DreaAST DreaAST 9 years
This annoys me sooooo much. My house makes more than 100 grand but we are by no means well off and have 2 highschool aged kids that will be going to school. This is rediculous because I guess I should quit my job just so we are under the 100 grand mark to reap any rewards from these schools.
megnmac megnmac 9 years
I feel really selfish, in worrying that I just took out an insane amount of loans for law school, and will be like a glitch in the system where the future won't be so crazy in debt! The older people I work with don't understand how insane tuition is now and what it took to get through school, and how bad the payments are... and now if the numbers go back down, neither will younger people. This is good though. State schools aren't typically charging as much, so it is a check on the good schools... and allows them to have people graduate and go into service rather than worry about having to make money!

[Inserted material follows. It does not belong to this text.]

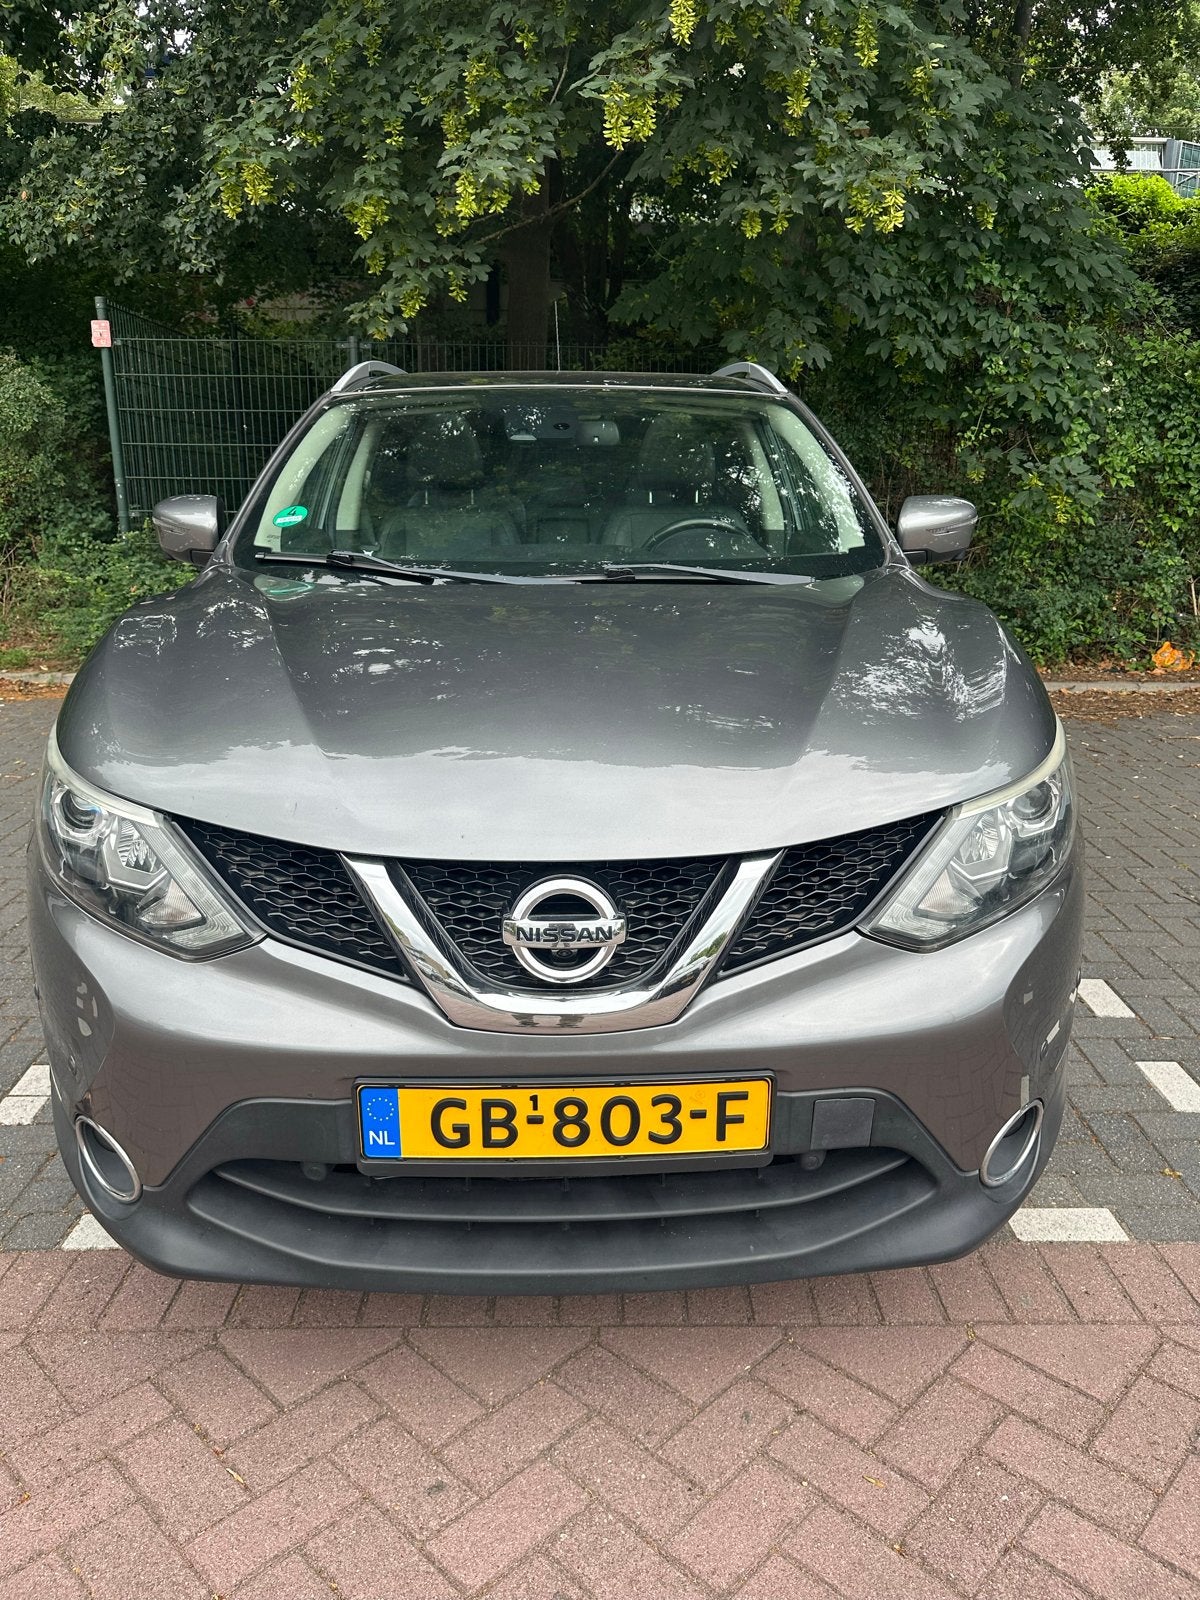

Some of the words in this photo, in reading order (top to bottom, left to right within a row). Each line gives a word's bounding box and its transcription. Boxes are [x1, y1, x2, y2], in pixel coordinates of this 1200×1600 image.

yesteryear yesteryear 9 years
ktownpolarbear & Megatron: what it will do is encourage more regular folks to apply to these exclusive schools. the high tuition was preventing many from even applying. my question is this: does this apply to masters and phd programs as well? maybe ill go back to school!
hotstuff hotstuff 9 years
I wish education was free here like in other countries!
Megatron Megatron 9 years
I agree, ktownpolarbear. Especially at ivy league schools. What about the public schools where the majority of the people who are in need attend. Even though I think I attend one of the most cost-effective CA public universities, I still wish there were tuition breaks and the like. That would be awesome.
ktownpolarbear ktownpolarbear 9 years
it's a good idea, and i know i'm repeating myself, but what use is it really going to have if only the hardest and most exclusive schools embrace this policy? this affects such a small fraction of students, it's almost pointless.